Nicolas. — Crois-tu que je serais l’ami d’Alexandre Petrovitch s’il n’était pas un brave homme ?

Luba. — Ce n’est point la question. Mais par vos costumes, par vos manières, vous semblez blâmer ceux qui viennent ici. N’est-il pas naturel qu’ils s’en offensent ? Nous vivons dans un milieu social. Nous devons nous soumettre à ses lois, sinon, il faut établir son existence ailleurs…

Nicolas. — Tu l’as dit !

Alexandre. — À moins qu’on ne reste dans ce milieu pour montrer la vérité à ceux qui nous entourent.

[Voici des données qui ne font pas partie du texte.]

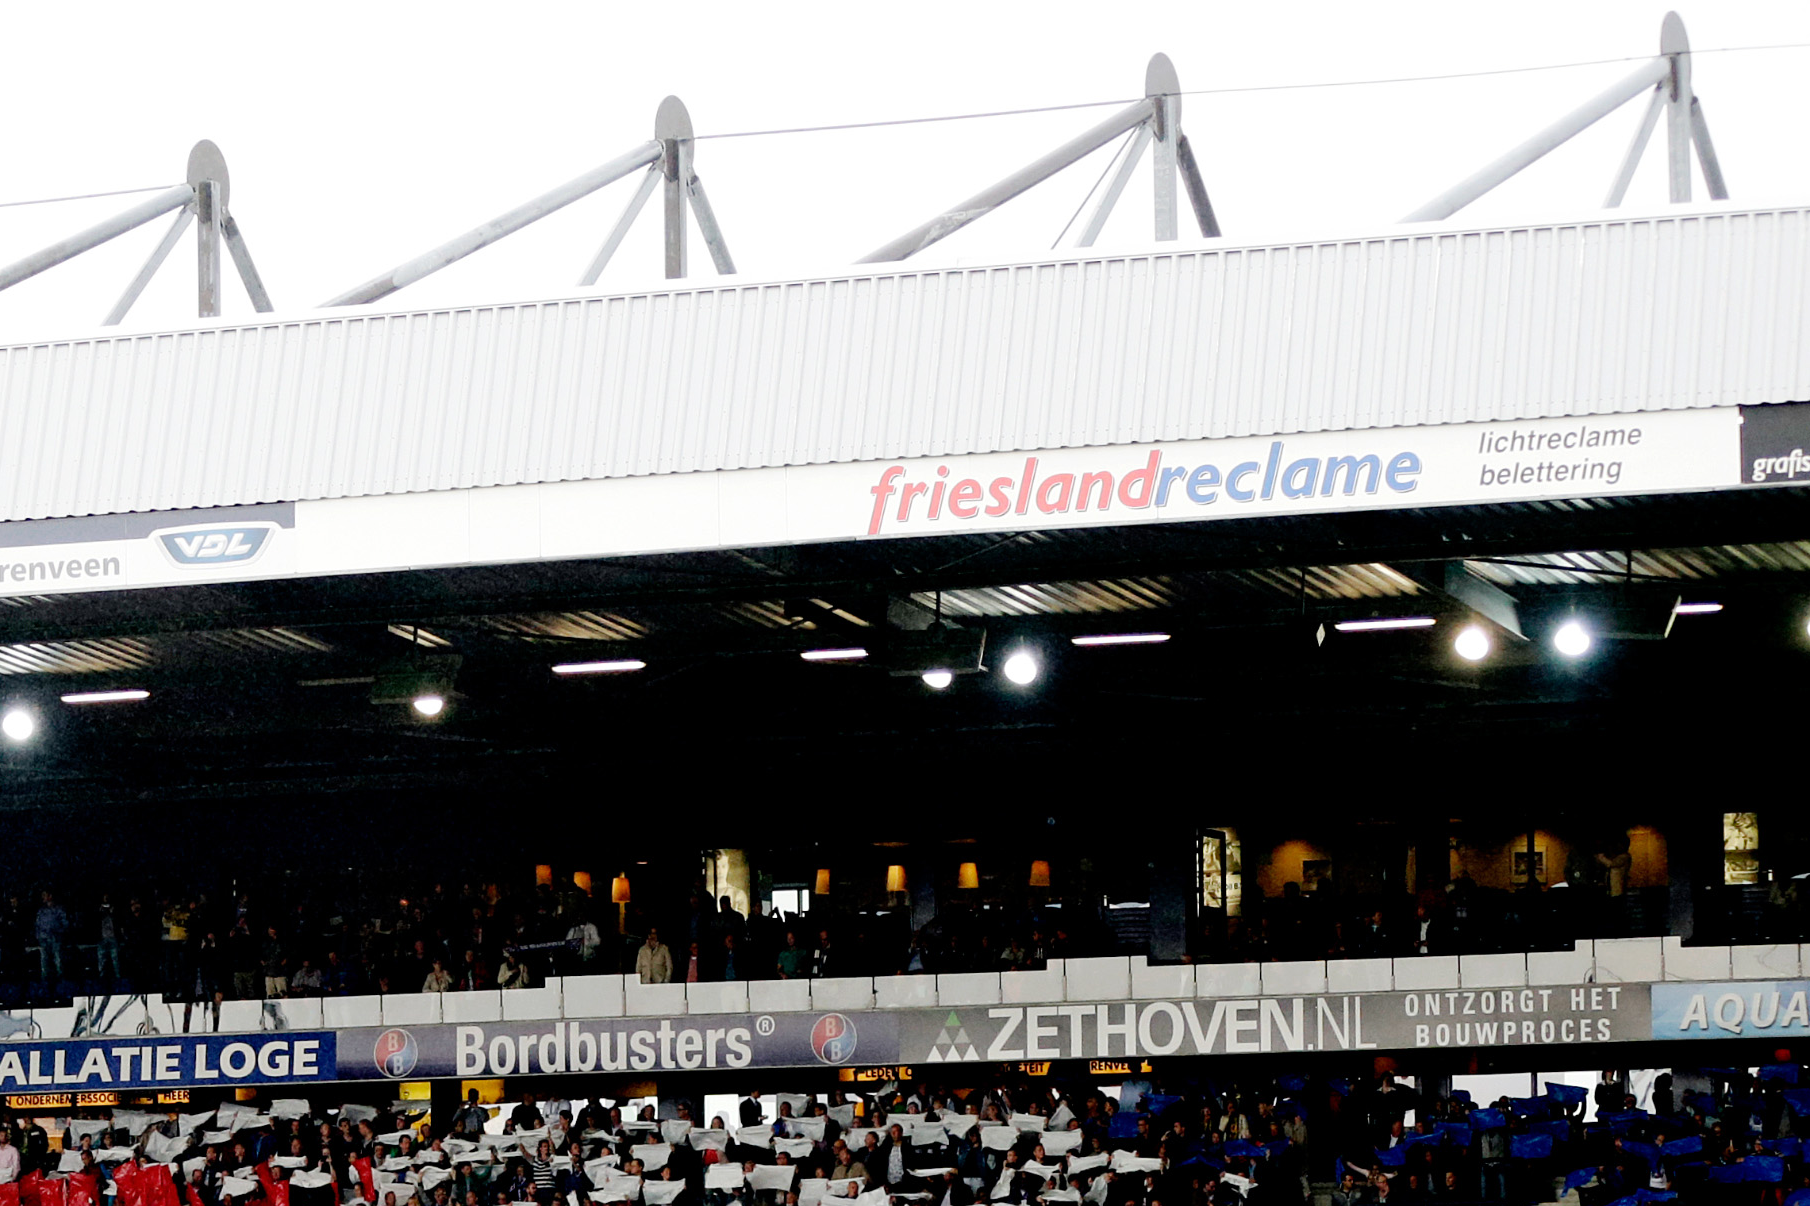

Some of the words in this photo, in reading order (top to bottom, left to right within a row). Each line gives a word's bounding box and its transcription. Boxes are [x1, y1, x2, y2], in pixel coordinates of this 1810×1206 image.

[1477, 425, 1643, 457] lichtreclame
[869, 442, 1422, 536] frieslandreclame
[1478, 458, 1624, 491] belettering
[172, 531, 255, 558] VDL
[1404, 992, 1554, 1018] ONTZORGT
[1570, 986, 1622, 1011] HET
[1678, 990, 1810, 1036] AQUA
[987, 998, 1377, 1061] ZETHOVEN.NL
[1415, 1017, 1612, 1045] BOUWPROCES
[194, 1040, 320, 1079] LOGE
[455, 1022, 753, 1075] Bordbusters

Luba. — Cette conquête des âmes est bien dangereuse et elle est éphémère.

Nicolas. — Pas toujours !

Luba. — Cependant notre pope…

Nicolas. — Vassili !

Luba. — Il avait rompu avec l’Église ! Il était prêt à affronter le martyre ! Quelques mois de pénitence dans un couvent et il a imploré de l’archevêque son pardon.

Nicolas. — Est-ce bien vrai ?

Luba. — Il a fait sa soumission.

Alexandre. — Le malheureux !

Nicolas. — Oui, malheureux ! De nouveau ils l’ont séduit. Il n’a plus distingué la vérité du Mensonge ?

Luba. — Il avait sans doute le désir de vivre tranquille avec sa femme et ses enfants. Et qui pouvait le lui reprocher ?

Nicolas. — Dieu !

Luba. — Qu’en savons-nous ? Dieu nous a-t-il donné cette existence pour souffrir ? Ne nous a-t-il proposé des joies que pour nous amoindrir ? Est-il donc un père qui se plaît à prendre au piège ses enfants ?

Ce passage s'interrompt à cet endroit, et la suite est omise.